4.8.3.Wat betreft het vereiste dat er loon wordt betaald, acht de kantonrechter met name de gelijke beloning van [eisende partij] en [bestuurder van gedaagde partij] van belang. [eisende partij] heeft geen duidelijke verklaring kunnen geven voor de gelijke beloning tussen [bestuurder van gedaagde partij] en [eisende partij] , terwijl [eisende partij] stelt dat [bestuurder van gedaagde partij] zijn 'baas' is. Ook een nadere uitleg over het verschil in de hoogte van beloning tussen [eisende partij] en werknemers die met een vergelijkbaar dienstverband monteurswerkzaamheden uitoefenen, is uitgebleven. Dat het fiscaaltechnisch voordeliger is om per maand een hoger bedrag aan [eisende partij] uit te keren via de beloning dan via een dividenduitkering zoals [eisende partij] stelt, komt de kantonrechter, alleen al gelet op de aandelenverhouding, niet waarschijnlijk voor. [eisende partij] bezit immers slechts 33,3% aandelen in MMS, terwijl [bestuurder van gedaagde partij] de rest van de aandelen in bezit heeft. Dat het een forse beloning betrof, wordt ook niet door [eisende partij] betwist. Naar het oordeel van de kantonrechter staat de hoogte van het betaalde maandelijkse bedrag niet in verhouding tot de verrichte monteurswerkzaamheden, althans niet als gekeken wordt naar het salaris wat volgens partijen normaal gesproken aan een ervaren monteur wordt betaald. Dat de vergoeding voor de werkzaamheden meebeweegt met de winst van MMS, impliceert dat een verlies van de onderneming invloed heeft op de beloning. Naar het voorlopig oordeel van de kantonrechter maken al deze omstandigheden dat de door [eisende partij] ontvangen maandelijkse beloning niet als loon kan worden gekwalificeerd als bedoeld in artikel 7:610 BW.

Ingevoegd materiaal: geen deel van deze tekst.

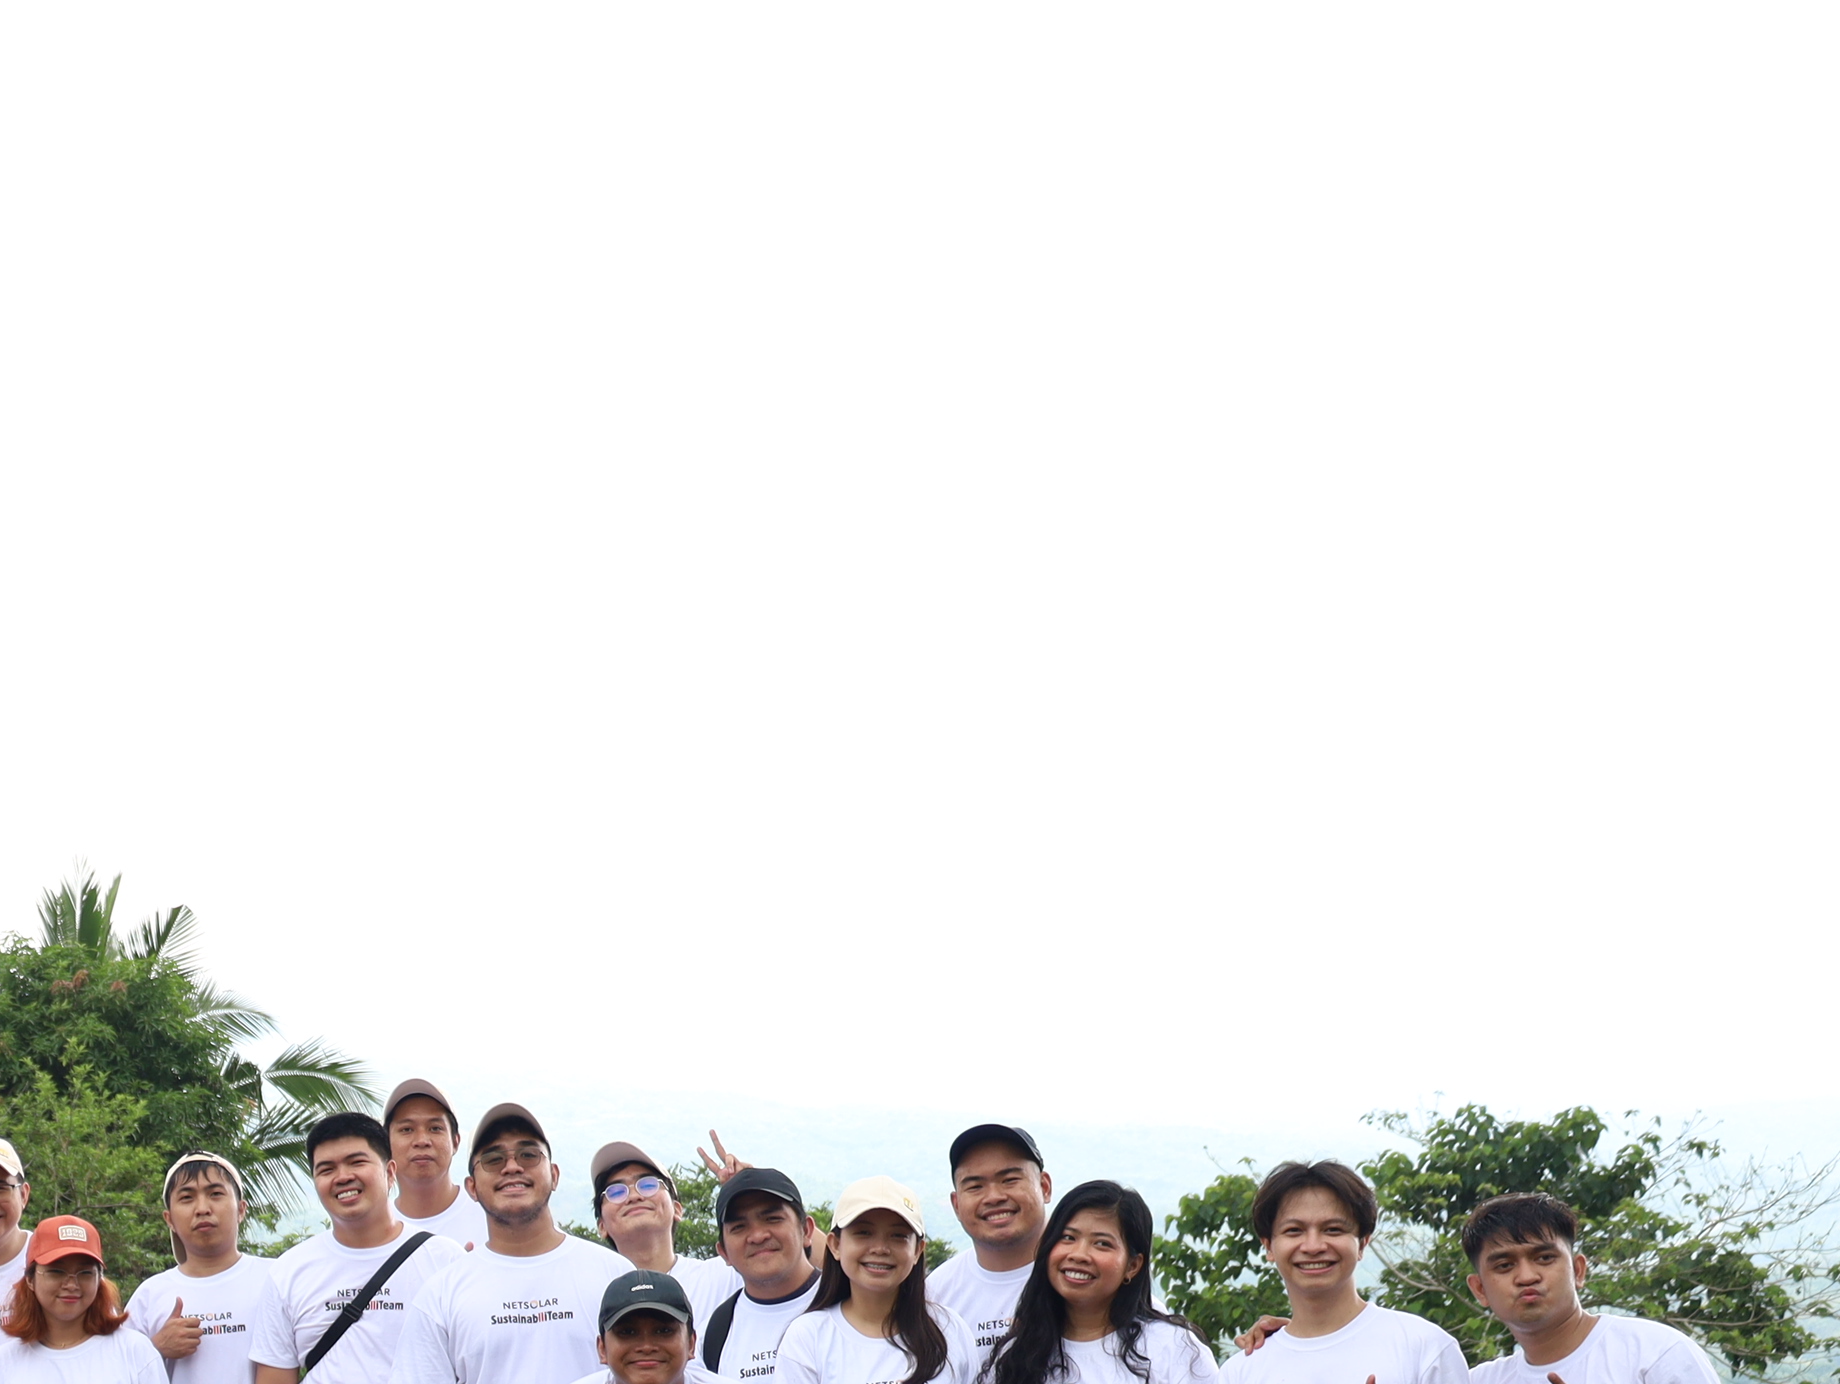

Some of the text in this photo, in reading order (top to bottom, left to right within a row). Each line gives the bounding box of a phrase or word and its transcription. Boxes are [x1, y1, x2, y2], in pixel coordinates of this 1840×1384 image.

[337, 1288, 391, 1298] NETAR
[502, 1298, 558, 1310] NETSOLAR
[978, 1318, 1013, 1331] NETSO
[752, 1350, 778, 1361] NETS

4.8.4.Gelet op de overwegingen onder 4.8.2. en 4.8.3. komt de kantonrechter tot het voorlopig oordeel dat niet is voldaan aan de vereisten voor het bestaan van een arbeidsovereenkomst. De brief van NV Schade van 9 maart 2023, waarin is opgenomen dat MMS [eisende partij] had verzekerd voor een WIA-verzekering, maakt dat niet anders, alleen al niet omdat MMS de juistheid van die brief gemotiveerd heeft betwist.